Five thousand years ago, much of Europe was probably an open, savannah-like landscape dotted with occasional clumps of trees and brush. It was grazed by large herds of wild horses and aurochs (wild ancestors of modern cattle). Wolves and lynxes prowled for prey and Egyptian vultures circled for the leftovers. It was remarkably similar to much of modern Africa's parklands. Faia Brava has come a long way to restoring that ecosystem for visitors to see.
Waking up in Star Camp, visitors may open their tents to see a pristine landscape, which is gradually bearing more of a resemblance to the Portugal of the past.
"No telephone lines or radio towers in the distance," says Collier. "Nice gentle, rolling hills. The sunrise in the morning is exactly the same. It provides you with a sense of adventure and a feeling like you are in Africa."

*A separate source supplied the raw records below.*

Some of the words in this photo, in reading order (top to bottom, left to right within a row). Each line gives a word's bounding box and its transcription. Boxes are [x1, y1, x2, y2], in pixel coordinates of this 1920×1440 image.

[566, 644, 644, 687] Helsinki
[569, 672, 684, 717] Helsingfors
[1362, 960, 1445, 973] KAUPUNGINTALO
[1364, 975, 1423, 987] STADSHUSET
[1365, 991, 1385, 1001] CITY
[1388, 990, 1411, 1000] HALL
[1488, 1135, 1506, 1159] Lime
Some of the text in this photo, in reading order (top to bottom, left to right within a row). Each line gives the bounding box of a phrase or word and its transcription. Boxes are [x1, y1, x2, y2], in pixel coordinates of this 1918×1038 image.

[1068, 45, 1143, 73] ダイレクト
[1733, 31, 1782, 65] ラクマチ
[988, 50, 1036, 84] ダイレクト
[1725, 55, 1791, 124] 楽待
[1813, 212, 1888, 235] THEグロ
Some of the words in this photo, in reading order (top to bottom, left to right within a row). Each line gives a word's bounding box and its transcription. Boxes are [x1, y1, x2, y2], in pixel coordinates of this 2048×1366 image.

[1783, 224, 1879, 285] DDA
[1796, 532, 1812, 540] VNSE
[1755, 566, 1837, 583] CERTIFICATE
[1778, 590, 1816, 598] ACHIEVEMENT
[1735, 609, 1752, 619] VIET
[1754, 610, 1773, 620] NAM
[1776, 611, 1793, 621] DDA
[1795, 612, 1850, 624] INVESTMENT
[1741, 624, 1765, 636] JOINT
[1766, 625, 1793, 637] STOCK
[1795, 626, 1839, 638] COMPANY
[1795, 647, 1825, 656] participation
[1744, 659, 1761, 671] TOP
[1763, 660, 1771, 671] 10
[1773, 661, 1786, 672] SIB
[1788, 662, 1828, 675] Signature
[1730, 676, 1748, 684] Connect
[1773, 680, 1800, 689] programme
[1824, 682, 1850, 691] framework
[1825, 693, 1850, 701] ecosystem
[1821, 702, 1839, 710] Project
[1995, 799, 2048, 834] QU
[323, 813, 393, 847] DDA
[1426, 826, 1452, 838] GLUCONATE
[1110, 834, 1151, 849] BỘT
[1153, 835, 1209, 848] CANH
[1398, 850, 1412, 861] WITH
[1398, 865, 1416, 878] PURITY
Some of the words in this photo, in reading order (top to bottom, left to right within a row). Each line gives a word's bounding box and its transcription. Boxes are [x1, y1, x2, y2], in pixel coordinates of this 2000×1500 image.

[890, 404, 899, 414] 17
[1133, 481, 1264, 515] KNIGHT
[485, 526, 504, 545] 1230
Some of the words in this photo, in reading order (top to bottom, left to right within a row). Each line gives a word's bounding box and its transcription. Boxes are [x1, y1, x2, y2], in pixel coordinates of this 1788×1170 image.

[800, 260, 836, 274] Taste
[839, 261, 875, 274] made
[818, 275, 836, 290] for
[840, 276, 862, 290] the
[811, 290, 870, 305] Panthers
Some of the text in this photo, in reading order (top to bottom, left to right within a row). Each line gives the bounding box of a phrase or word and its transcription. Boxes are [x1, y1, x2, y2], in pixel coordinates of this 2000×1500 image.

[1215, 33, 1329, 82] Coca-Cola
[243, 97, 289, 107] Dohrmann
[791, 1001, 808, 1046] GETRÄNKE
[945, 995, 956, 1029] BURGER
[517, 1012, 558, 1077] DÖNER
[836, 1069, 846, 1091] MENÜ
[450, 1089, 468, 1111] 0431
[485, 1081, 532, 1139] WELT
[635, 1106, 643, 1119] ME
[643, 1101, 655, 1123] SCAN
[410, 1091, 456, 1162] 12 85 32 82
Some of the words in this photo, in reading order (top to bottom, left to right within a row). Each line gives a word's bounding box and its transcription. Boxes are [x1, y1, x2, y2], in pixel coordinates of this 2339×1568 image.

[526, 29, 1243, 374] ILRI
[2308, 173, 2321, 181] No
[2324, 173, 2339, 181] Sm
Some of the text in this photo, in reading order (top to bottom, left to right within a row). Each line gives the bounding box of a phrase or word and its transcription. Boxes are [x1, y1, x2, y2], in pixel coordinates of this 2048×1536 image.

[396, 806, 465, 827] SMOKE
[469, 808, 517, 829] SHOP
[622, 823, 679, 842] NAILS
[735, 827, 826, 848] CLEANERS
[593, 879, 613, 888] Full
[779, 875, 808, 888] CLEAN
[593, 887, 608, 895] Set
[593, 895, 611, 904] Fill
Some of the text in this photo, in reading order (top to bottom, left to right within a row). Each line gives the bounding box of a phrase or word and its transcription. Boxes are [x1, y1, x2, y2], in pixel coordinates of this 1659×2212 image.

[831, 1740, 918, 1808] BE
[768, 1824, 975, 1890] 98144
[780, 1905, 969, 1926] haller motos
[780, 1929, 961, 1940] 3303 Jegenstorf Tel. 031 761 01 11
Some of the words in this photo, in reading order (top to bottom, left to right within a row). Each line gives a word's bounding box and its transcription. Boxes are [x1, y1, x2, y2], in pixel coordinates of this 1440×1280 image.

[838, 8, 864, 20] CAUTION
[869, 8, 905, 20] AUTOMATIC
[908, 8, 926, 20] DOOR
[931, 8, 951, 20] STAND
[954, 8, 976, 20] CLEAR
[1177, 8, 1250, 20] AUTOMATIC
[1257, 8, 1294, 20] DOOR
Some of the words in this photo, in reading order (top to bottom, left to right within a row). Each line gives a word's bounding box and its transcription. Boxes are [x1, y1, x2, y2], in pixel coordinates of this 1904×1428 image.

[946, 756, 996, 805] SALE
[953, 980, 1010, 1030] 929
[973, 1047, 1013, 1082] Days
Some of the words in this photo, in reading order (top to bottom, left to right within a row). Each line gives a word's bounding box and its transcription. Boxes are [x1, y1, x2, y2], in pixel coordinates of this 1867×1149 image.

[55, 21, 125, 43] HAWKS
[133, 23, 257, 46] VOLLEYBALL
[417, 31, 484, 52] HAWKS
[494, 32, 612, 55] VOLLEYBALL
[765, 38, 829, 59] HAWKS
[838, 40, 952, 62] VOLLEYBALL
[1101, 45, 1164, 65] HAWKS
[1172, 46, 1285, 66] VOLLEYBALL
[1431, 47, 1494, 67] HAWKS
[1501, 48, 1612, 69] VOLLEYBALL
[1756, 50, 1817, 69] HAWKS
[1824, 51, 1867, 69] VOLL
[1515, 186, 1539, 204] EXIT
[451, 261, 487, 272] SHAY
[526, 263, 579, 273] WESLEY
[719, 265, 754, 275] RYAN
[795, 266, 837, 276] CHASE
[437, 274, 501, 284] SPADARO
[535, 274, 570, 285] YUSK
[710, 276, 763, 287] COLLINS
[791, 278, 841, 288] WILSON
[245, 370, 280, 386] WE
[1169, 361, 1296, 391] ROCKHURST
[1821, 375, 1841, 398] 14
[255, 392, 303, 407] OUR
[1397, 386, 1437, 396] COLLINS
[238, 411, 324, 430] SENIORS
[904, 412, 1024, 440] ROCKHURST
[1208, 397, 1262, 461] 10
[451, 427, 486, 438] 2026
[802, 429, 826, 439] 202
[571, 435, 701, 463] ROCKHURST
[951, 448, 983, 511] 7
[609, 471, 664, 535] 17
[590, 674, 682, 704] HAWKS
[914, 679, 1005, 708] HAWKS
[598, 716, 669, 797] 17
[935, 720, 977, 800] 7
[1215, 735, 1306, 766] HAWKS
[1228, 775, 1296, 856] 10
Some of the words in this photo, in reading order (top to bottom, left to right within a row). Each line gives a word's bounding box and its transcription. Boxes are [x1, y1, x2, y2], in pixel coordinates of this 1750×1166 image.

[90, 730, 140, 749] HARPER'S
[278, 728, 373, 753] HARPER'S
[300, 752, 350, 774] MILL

The idea for Star Camp "came out of the ecotourism models in South Africa where there was a focus on ecotourism," says Collier. "Building just a guest house wouldn't have been good enough." In the project's early days, he says, the site was selected with careful attention to factors like its natural light, and acoustic atmosphere and sights.
Some of those sights now include animals that are part of a de-extinction program. Though they've long been extinct, aurochs (pronounced like aur-ox) once occupied an ecological niche analogous to the bison in North America or the cape buffalo in Africa. To get Europe's ecosystems functioning again, The Tauros Project began recreating the aurochs by selectively cross-breeding primitive breeds of cattle. It's now gradually working to breed back the aurochs, and the large bovids grazing on Faia Brava are part of the project.
Visitors can also spot wild-ranging Garrano horses grazing with the aurochs-in-progress. Garranos are a breed of domestic horse indigenous to the region, which are believed to include a high proportion of genes from wild ancestors that roamed Portugal thousands of years ago. Nearby rock paintings, over 2,500 years old, show ancient horses that look strikingly similar to the Garranos that graze the landscape today (tours of the numerous rock paintings are available at the Coa Valley Archaeological Park).
But horses and bovids aren't Faia Brava's only draw. One of the reserve's most popular attractions is a blind that has been constructed in front of a feeding area for Egyptian vultures, griffin vultures and black vultures. The carcasses of deceased donkeys, horses and other livestock are brought here to attract the birds, many of which move between North Africa and Portugal. Birdwatchers and professional photographers have praised it as an unusual opportunity to see these scavengers up close.
Star Camp's current platform tents are set up to accommodate couples (perhaps with one small child). A larger, family-sized platform tent is expected to be ready for guests by July of 2017. Though each tent is equipped with a bathroom and running water, Collier calls it "effectively sleeping under the stars with lots of creature comforts."
If things go according to plan, Faia Brava will one day become part of a network of wildlife reserves being built throughout Europe. Numerous small reserves are being set aside as land becomes available and safe corridors are planned to eventually connect the properties and allow wildlife to safely migrate as needed. Much like Yellowstone in North America and the parks of South Africa and Namibia, ecologically sensitive tourism is a key component of Rewilding Europe's long-term plans.
"It's not just a business model that supports Sara (and Star Camp)," says Collier. "It's to support the reserve as well. Some of that money comes back to the reserve itself. (And) people from the local villages start to see the value in having nature instead of just a cleared landscape."